Work required: For this exercise, write out each entry below exactly, omitting the images.

Dataset:

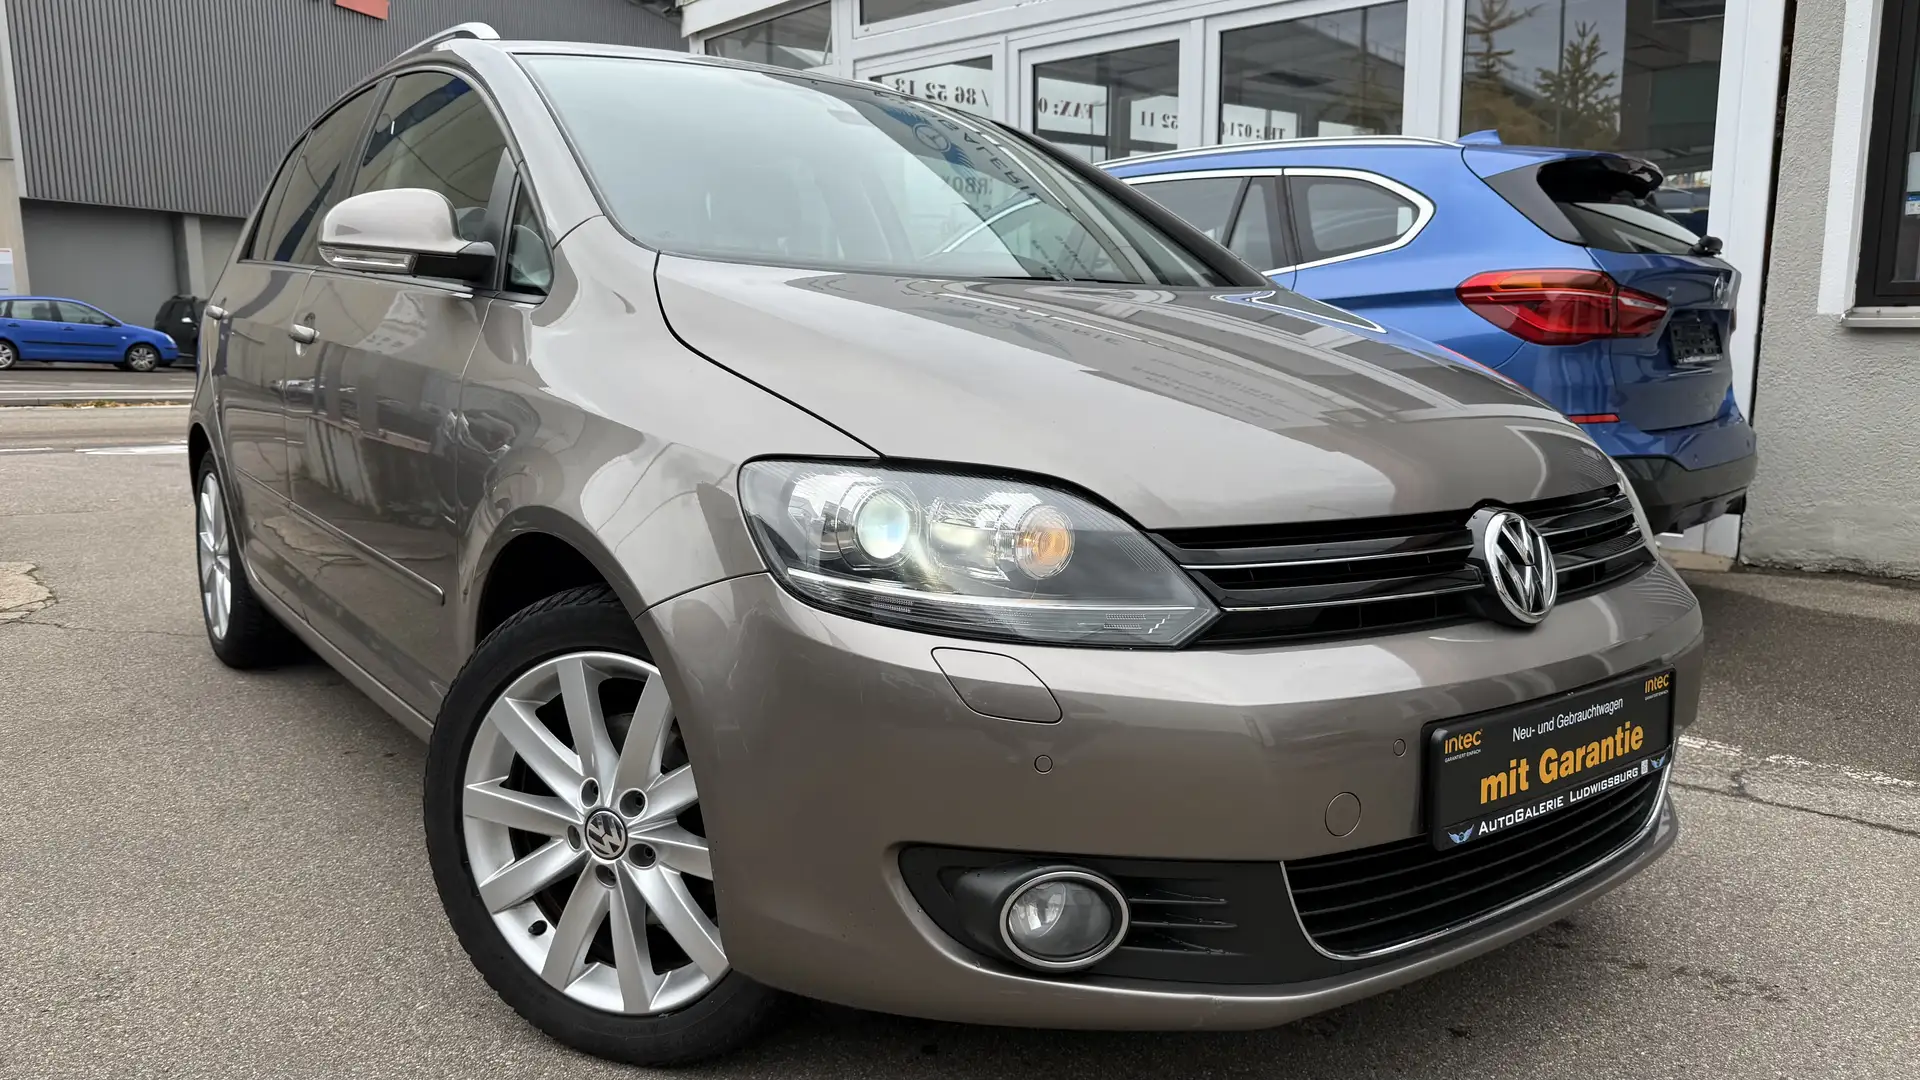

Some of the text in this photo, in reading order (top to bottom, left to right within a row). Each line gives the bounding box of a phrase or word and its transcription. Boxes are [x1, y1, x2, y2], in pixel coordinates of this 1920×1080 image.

[1512, 697, 1624, 742] Neu- und Gebrauchtwagen
[1480, 720, 1644, 804] mit Garantie
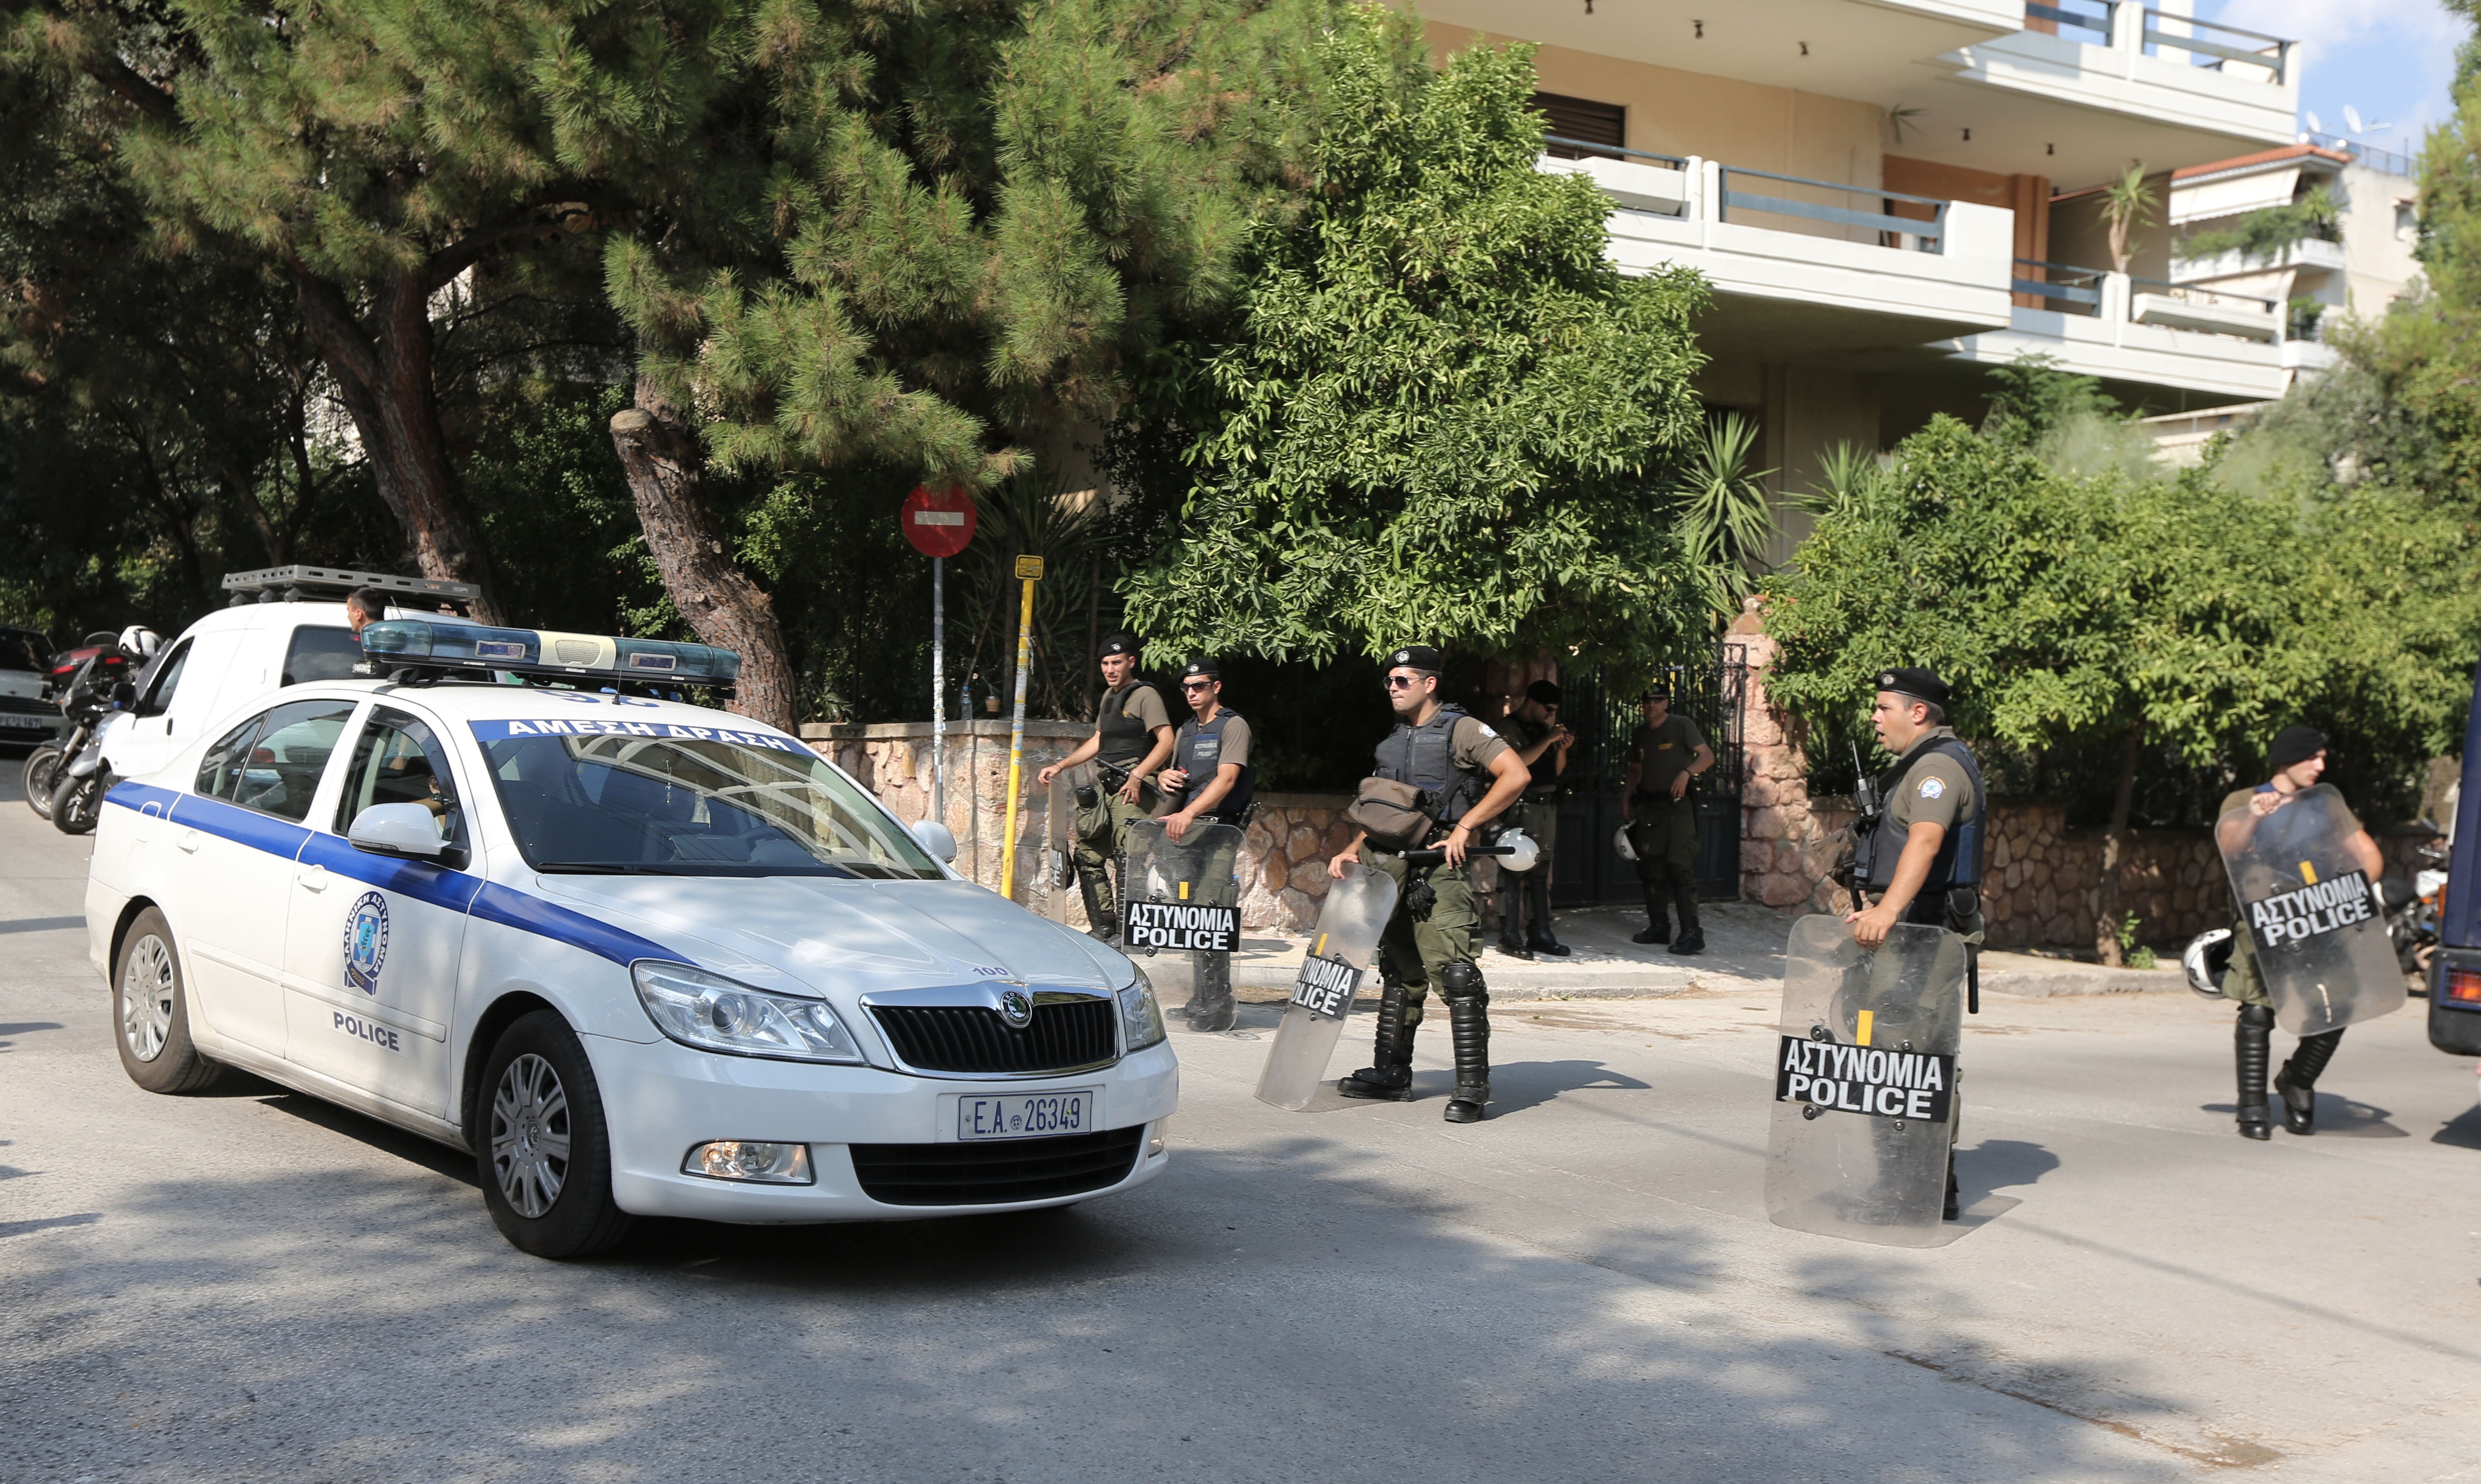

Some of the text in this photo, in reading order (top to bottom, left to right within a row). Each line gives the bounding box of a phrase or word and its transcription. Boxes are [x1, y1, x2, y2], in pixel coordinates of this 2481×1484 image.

[509, 720, 792, 752] ΑΜΕΣΗ ΔΡΑΣΗ
[1129, 903, 1234, 932] ΑΣΤΥΝΟΜΙΑ
[2252, 872, 2369, 929] ΑΣΤΥΝΟΜΙΑ
[344, 894, 388, 973] ΕΛΛΗΝΙΚΗ ΑΣΤΥΝΟΜΙΑ
[1133, 926, 1229, 950] POLICE
[2263, 897, 2371, 947] POLICE
[973, 967, 1009, 976] 100
[1290, 982, 1341, 1016] OLICE
[333, 1011, 400, 1051] POLICE
[1784, 1039, 1943, 1091] ΑΣΤΥΝΟΜΙΑ
[1025, 1097, 1080, 1131] 26349
[1788, 1073, 1933, 1119] POLICE
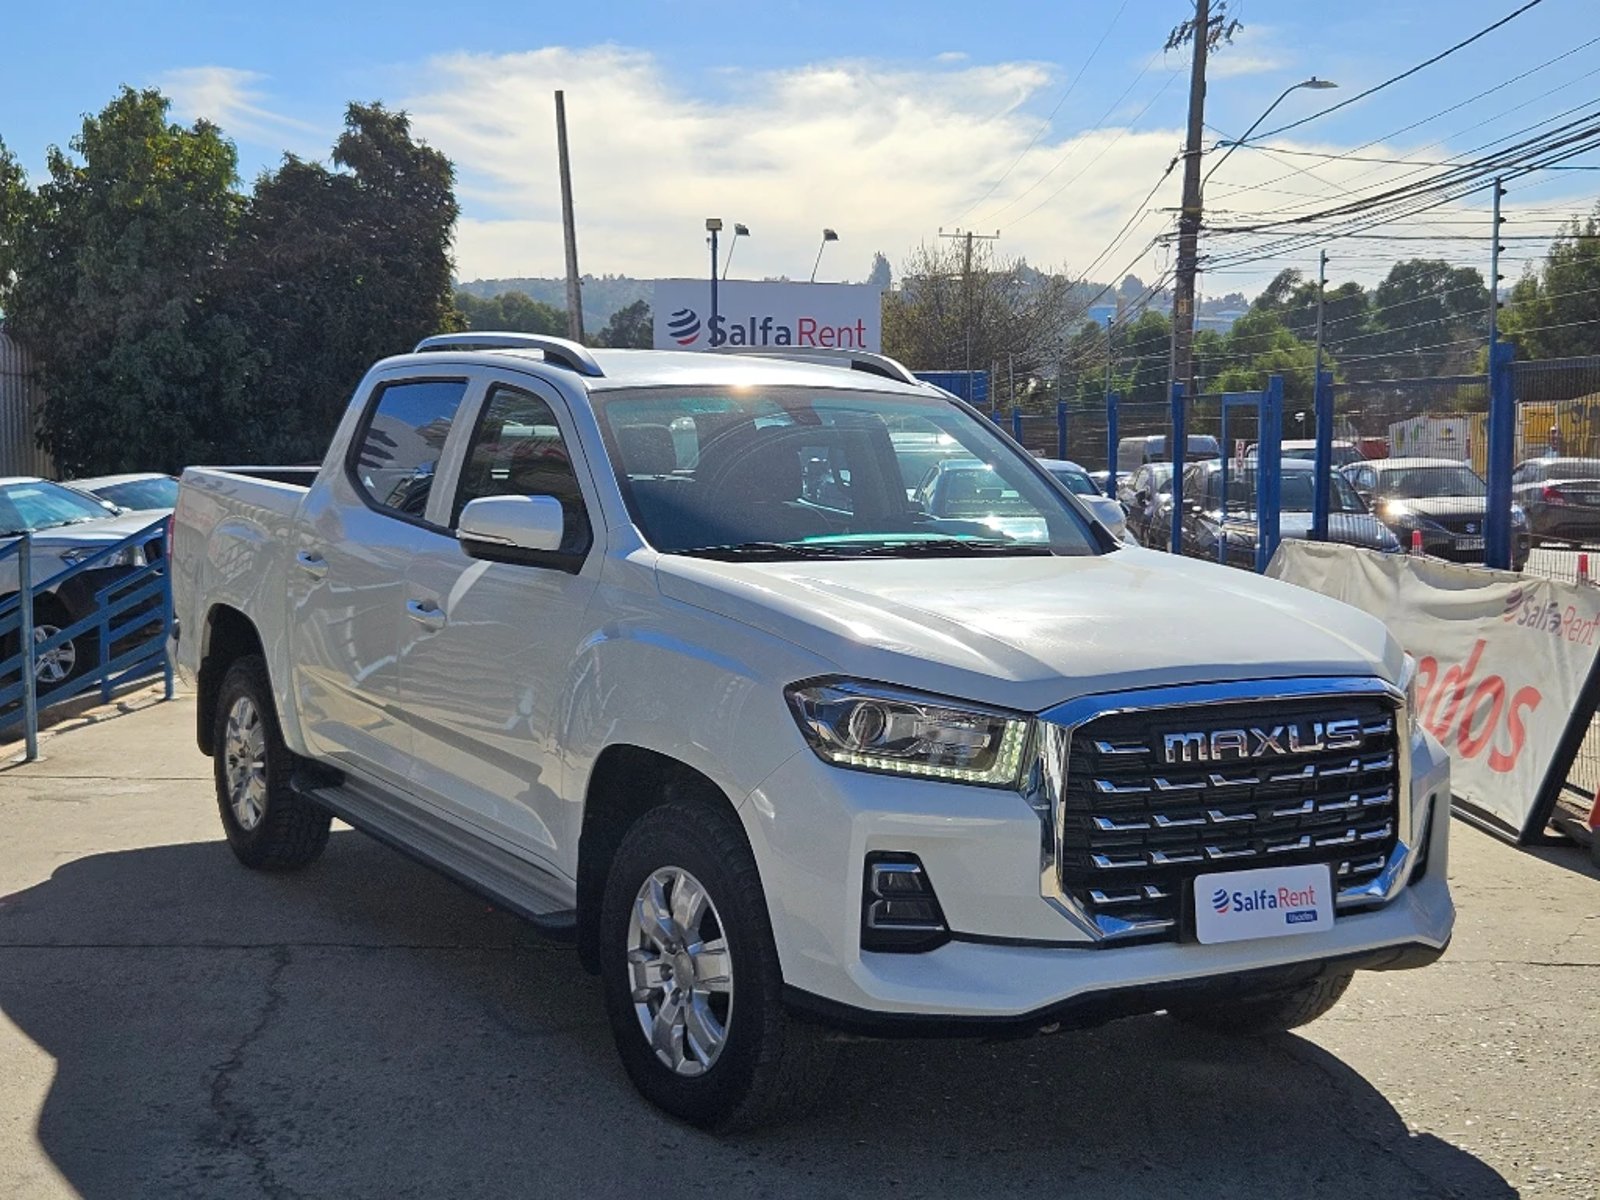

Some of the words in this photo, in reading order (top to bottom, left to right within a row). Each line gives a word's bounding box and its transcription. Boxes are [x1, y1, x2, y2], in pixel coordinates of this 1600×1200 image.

[707, 316, 867, 348] SalfaRent
[1517, 594, 1600, 646] SalfaRent
[1163, 719, 1361, 763] MAXUS
[1232, 885, 1317, 912] SalfaRent

Reply:
Some of the text in this photo, in reading order (top to bottom, left to right within a row). Each line gives the bounding box of a phrase or word and its transcription. Boxes are [x1, y1, x2, y2], in pixel coordinates of this 1920×1080 image.

[1512, 697, 1624, 742] Neu- und Gebrauchtwagen
[1480, 720, 1644, 804] mit Garantie

Some of the text in this photo, in reading order (top to bottom, left to right within a row). Each line gives the bounding box of a phrase or word and its transcription. Boxes are [x1, y1, x2, y2], in pixel coordinates of this 2481×1484 image.

[509, 720, 792, 752] ΑΜΕΣΗ ΔΡΑΣΗ
[1129, 903, 1234, 932] ΑΣΤΥΝΟΜΙΑ
[2252, 872, 2369, 929] ΑΣΤΥΝΟΜΙΑ
[344, 894, 388, 973] ΕΛΛΗΝΙΚΗ ΑΣΤΥΝΟΜΙΑ
[1133, 926, 1229, 950] POLICE
[2263, 897, 2371, 947] POLICE
[973, 967, 1009, 976] 100
[1290, 982, 1341, 1016] OLICE
[333, 1011, 400, 1051] POLICE
[1784, 1039, 1943, 1091] ΑΣΤΥΝΟΜΙΑ
[1025, 1097, 1080, 1131] 26349
[1788, 1073, 1933, 1119] POLICE

Some of the words in this photo, in reading order (top to bottom, left to right within a row). Each line gives a word's bounding box and its transcription. Boxes are [x1, y1, x2, y2], in pixel coordinates of this 1600×1200 image.

[707, 316, 867, 348] SalfaRent
[1517, 594, 1600, 646] SalfaRent
[1163, 719, 1361, 763] MAXUS
[1232, 885, 1317, 912] SalfaRent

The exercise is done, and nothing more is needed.